Dataset entries
'''

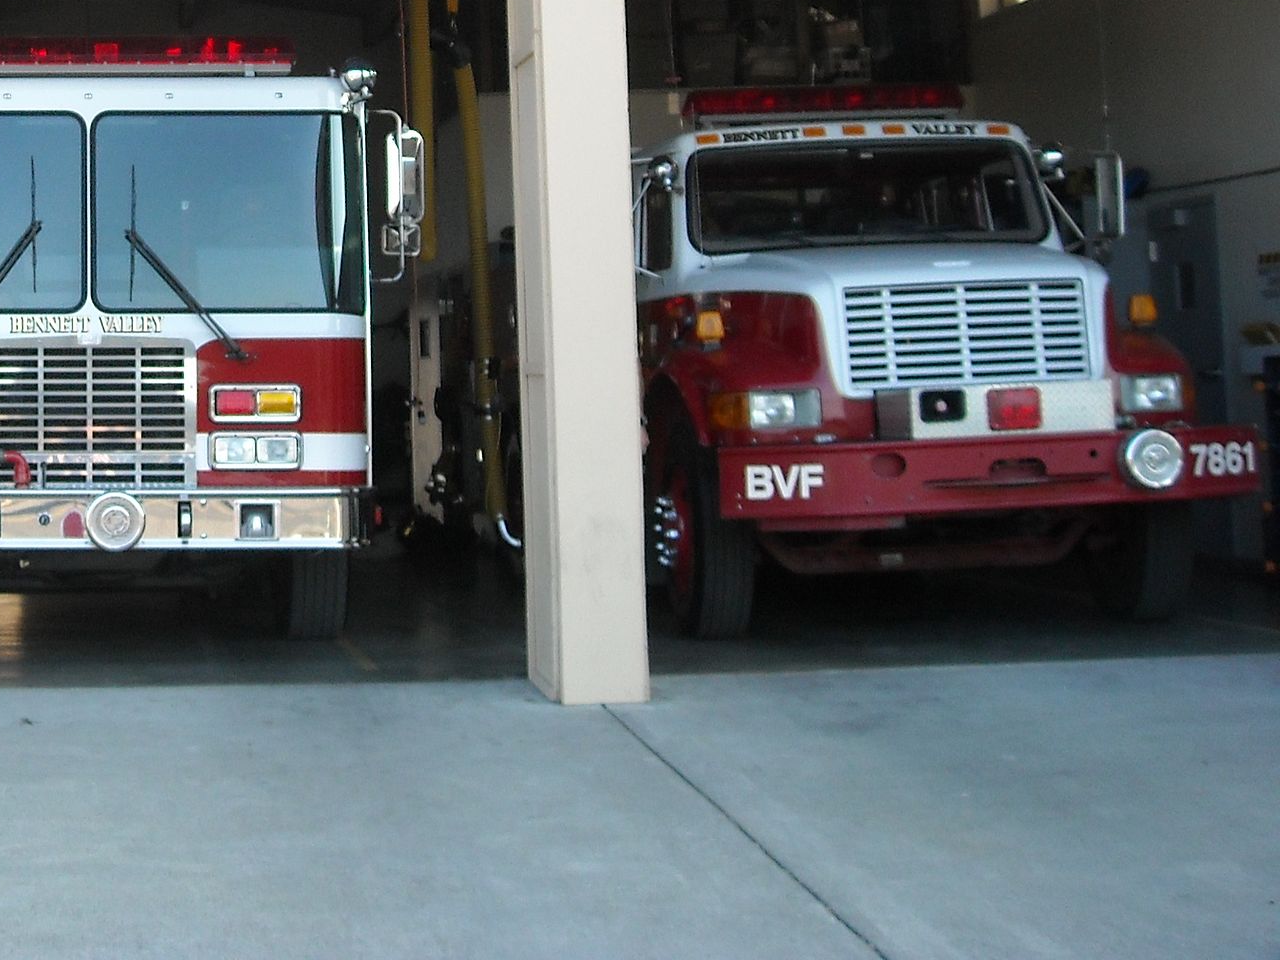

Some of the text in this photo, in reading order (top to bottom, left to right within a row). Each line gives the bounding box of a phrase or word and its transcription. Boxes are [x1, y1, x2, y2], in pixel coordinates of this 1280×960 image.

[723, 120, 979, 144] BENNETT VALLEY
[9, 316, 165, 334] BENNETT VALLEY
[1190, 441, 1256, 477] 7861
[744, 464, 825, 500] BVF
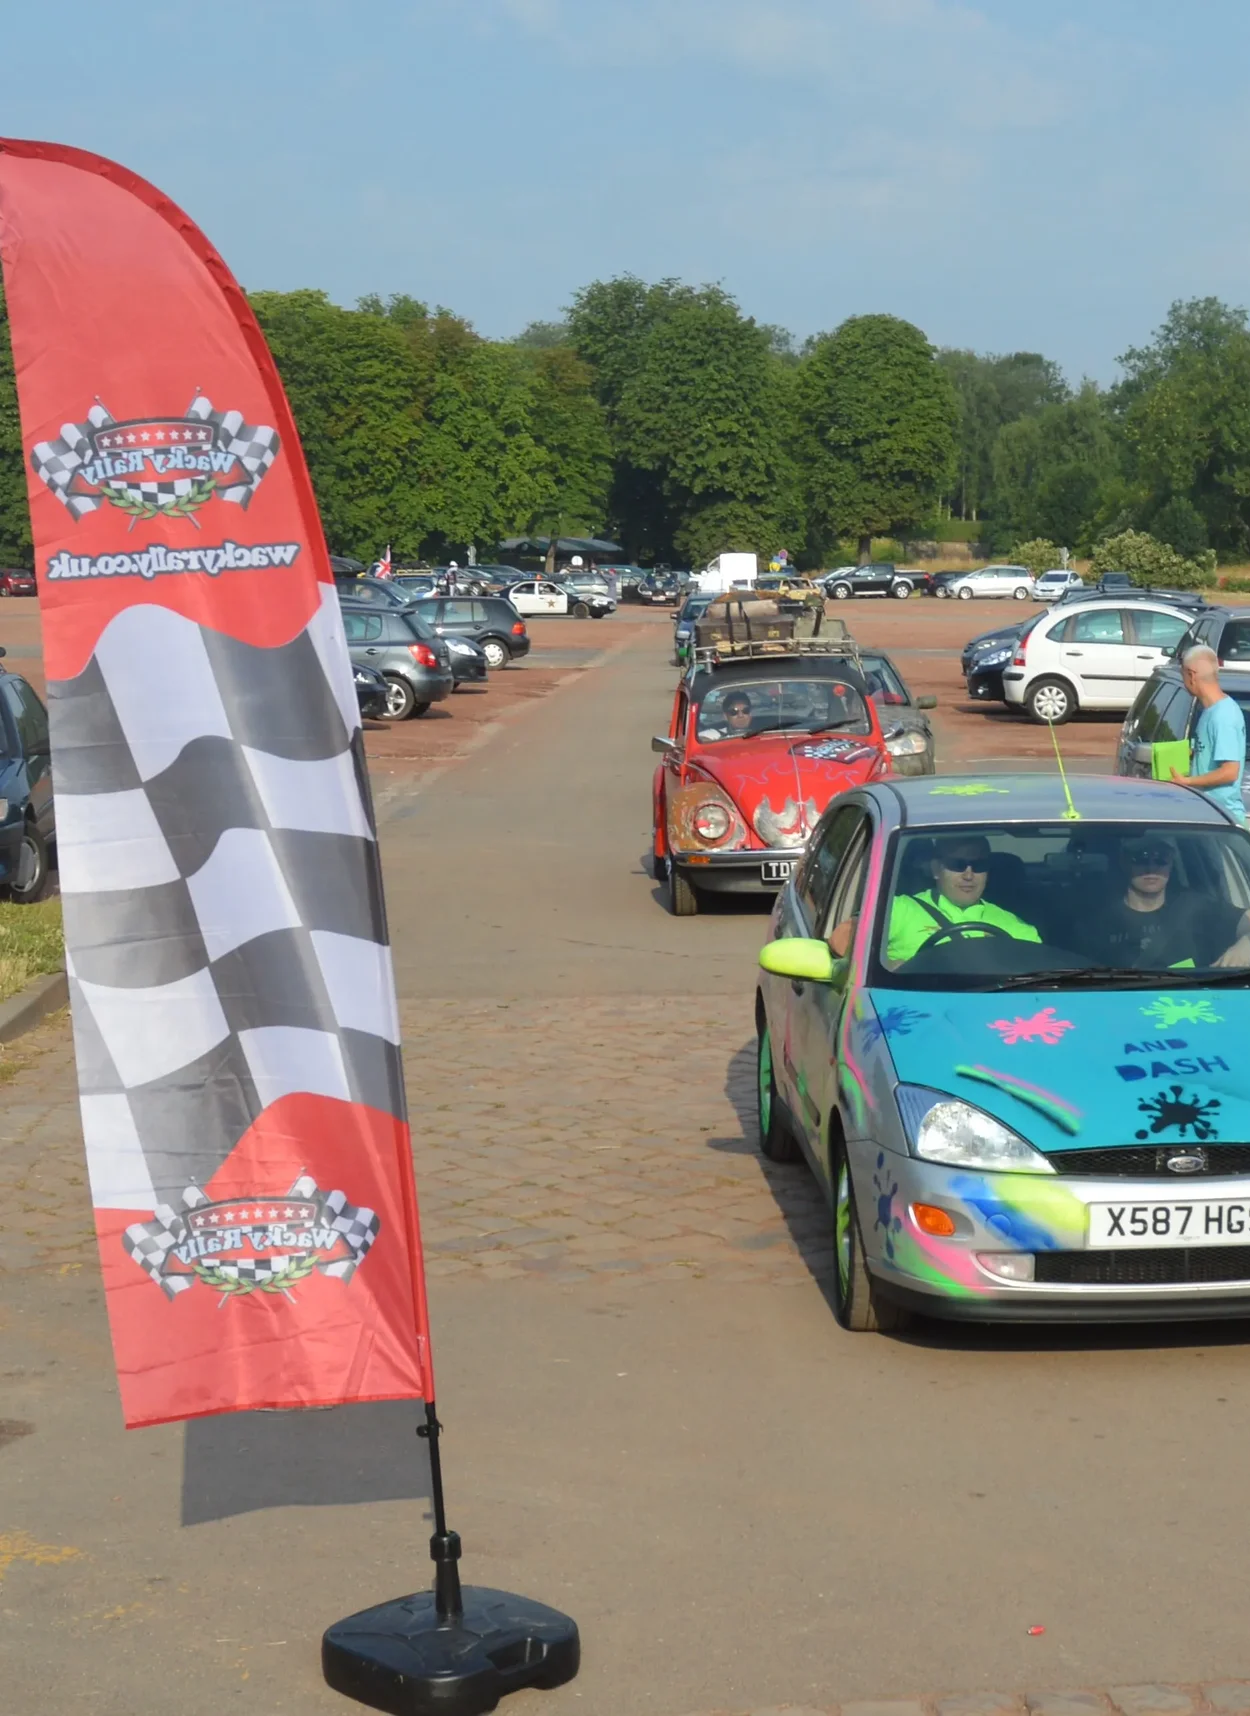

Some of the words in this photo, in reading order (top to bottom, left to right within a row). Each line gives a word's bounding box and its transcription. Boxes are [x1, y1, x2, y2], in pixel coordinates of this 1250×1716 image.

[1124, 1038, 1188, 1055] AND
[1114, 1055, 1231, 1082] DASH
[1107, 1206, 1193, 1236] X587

'''

● Aim of the exercise
Set the lines down exactly as they stand, beginning at the one that contains "Some of the words" and stopping after the last line of the entries above.

● Result
Some of the words in this photo, in reading order (top to bottom, left to right within a row). Each line gives a word's bounding box and its transcription. Boxes are [x1, y1, x2, y2], in pixel coordinates of this 1250×1716 image.

[1124, 1038, 1188, 1055] AND
[1114, 1055, 1231, 1082] DASH
[1107, 1206, 1193, 1236] X587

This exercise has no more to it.